> What to produce:
Would you set down the lines running from the one that holds "this 2196×686 image." to the final line of the listing, both included, exactly and with no others?

++++++++

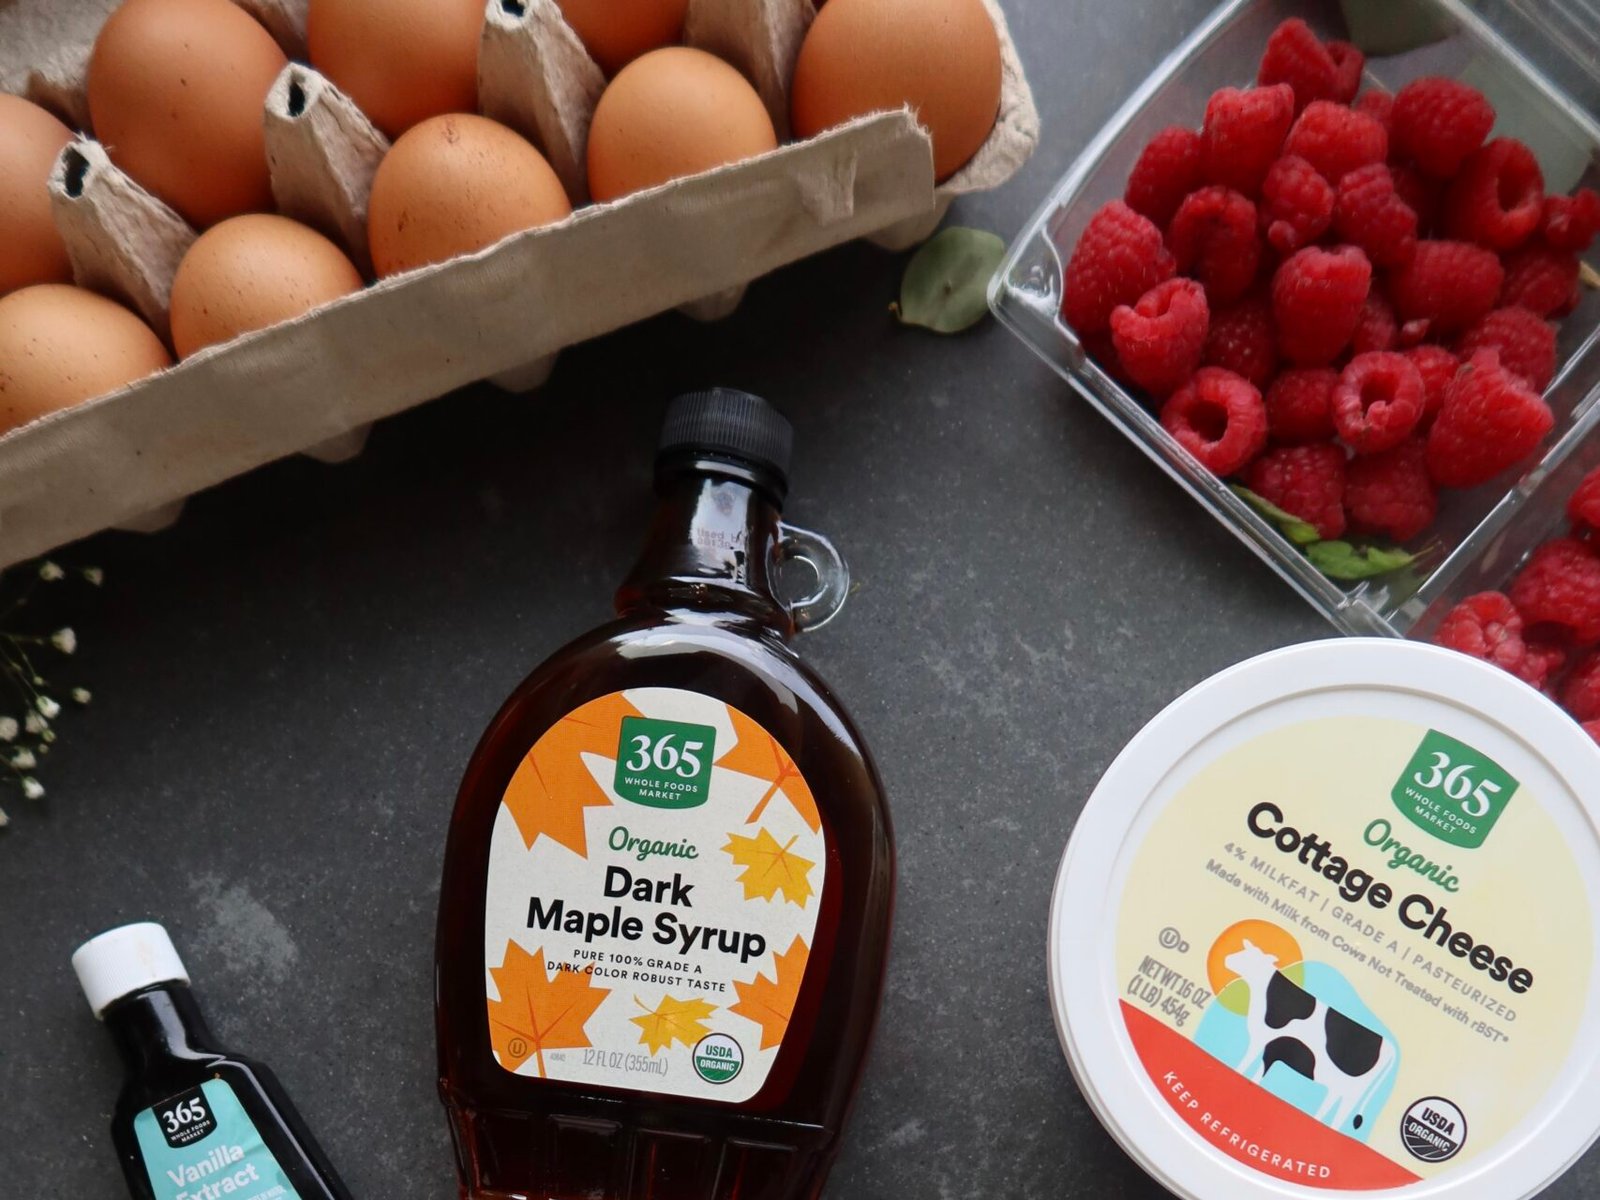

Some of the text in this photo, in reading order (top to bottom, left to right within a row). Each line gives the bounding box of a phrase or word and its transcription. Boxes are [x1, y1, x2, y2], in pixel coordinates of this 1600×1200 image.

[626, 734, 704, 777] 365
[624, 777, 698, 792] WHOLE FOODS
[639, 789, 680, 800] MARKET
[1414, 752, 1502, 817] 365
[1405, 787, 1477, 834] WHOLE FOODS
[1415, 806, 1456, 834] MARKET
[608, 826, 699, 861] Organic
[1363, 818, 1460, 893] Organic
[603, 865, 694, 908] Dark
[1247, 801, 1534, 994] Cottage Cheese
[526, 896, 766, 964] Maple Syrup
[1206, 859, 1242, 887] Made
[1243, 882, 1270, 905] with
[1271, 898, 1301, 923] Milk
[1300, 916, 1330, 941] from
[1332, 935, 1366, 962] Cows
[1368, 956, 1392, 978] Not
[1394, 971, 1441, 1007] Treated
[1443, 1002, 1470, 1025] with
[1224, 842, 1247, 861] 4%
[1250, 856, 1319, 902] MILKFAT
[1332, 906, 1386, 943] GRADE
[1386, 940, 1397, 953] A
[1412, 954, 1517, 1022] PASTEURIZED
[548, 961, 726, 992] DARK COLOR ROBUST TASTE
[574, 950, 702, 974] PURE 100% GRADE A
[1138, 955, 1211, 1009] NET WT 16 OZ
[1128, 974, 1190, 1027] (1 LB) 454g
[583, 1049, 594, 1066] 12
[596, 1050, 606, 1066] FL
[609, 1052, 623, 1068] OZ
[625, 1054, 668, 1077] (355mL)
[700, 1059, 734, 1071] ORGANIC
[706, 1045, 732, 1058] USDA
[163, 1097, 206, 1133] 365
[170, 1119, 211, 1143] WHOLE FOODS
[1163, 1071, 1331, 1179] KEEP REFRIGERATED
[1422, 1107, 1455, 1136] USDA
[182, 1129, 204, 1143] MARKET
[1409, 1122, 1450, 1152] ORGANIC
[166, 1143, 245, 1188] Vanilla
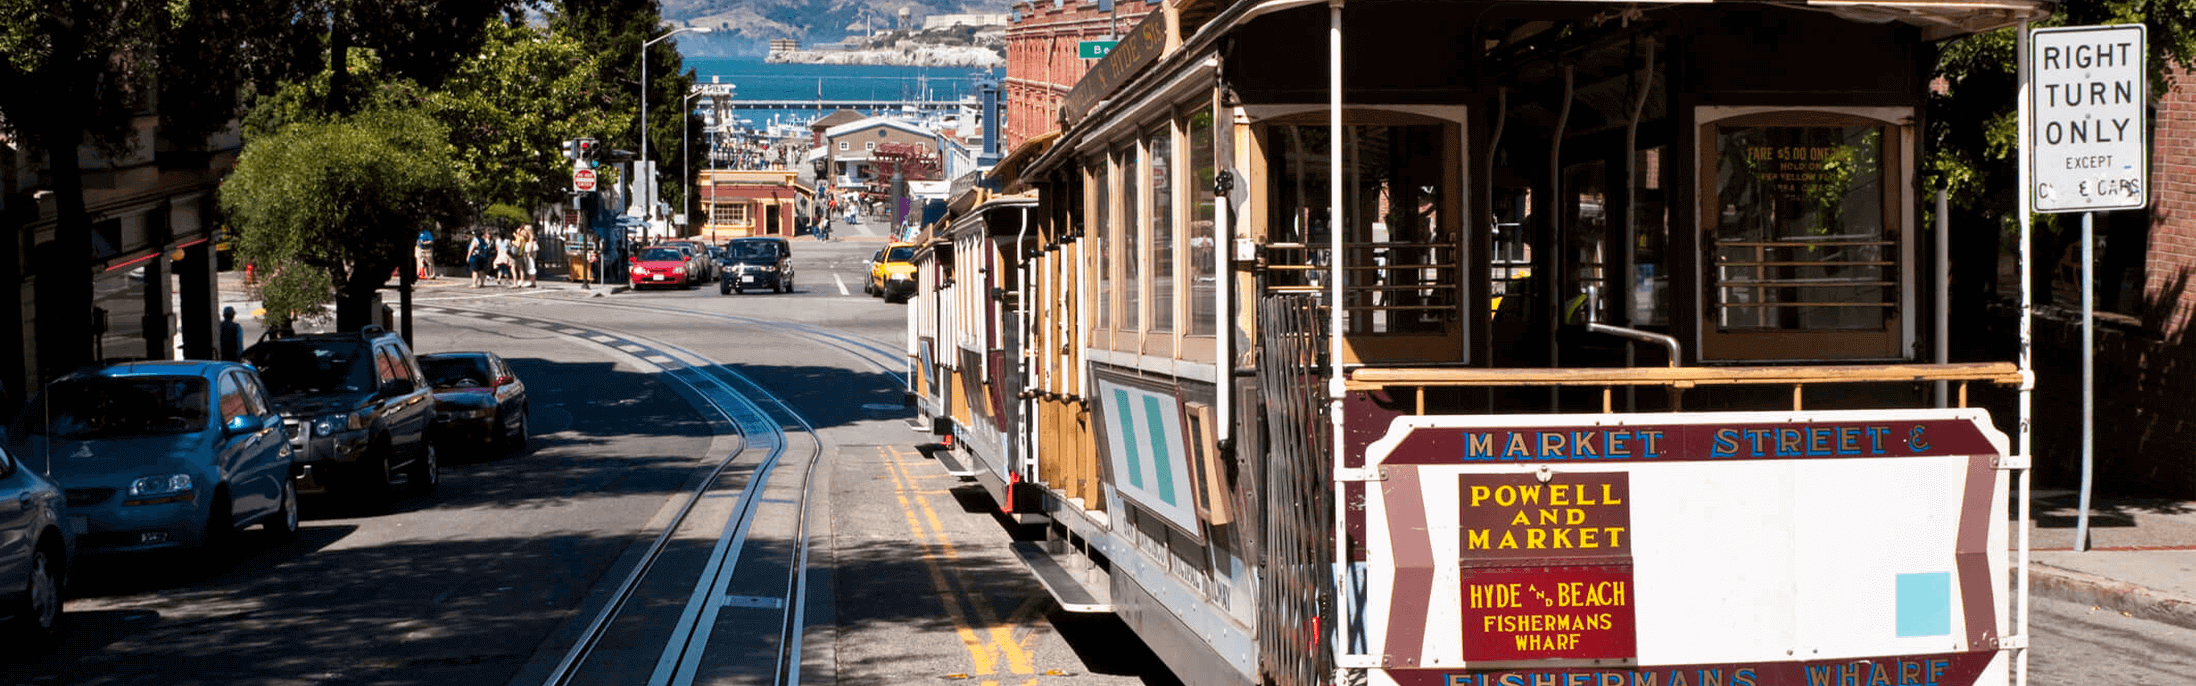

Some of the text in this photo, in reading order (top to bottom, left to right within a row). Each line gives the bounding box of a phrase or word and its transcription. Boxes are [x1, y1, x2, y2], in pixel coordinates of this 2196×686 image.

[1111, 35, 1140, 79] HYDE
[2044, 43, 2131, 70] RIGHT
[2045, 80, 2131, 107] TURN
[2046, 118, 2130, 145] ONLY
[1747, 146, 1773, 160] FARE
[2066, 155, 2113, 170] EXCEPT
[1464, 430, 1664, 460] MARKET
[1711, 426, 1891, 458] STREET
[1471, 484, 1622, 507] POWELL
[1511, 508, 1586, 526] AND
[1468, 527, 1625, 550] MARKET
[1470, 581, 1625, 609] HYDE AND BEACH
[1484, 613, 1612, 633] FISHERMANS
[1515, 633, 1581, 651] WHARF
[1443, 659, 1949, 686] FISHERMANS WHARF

++++++++

> Output:
Some of the text in this photo, in reading order (top to bottom, left to right within a row). Each line gives the bounding box of a phrase or word and its transcription. Boxes are [x1, y1, x2, y2], in pixel coordinates of this 2196×686 image.

[1111, 35, 1140, 79] HYDE
[2044, 43, 2131, 70] RIGHT
[2045, 80, 2131, 107] TURN
[2046, 118, 2130, 145] ONLY
[1747, 146, 1773, 160] FARE
[2066, 155, 2113, 170] EXCEPT
[1464, 430, 1664, 460] MARKET
[1711, 426, 1891, 458] STREET
[1471, 484, 1622, 507] POWELL
[1511, 508, 1586, 526] AND
[1468, 527, 1625, 550] MARKET
[1470, 581, 1625, 609] HYDE AND BEACH
[1484, 613, 1612, 633] FISHERMANS
[1515, 633, 1581, 651] WHARF
[1443, 659, 1949, 686] FISHERMANS WHARF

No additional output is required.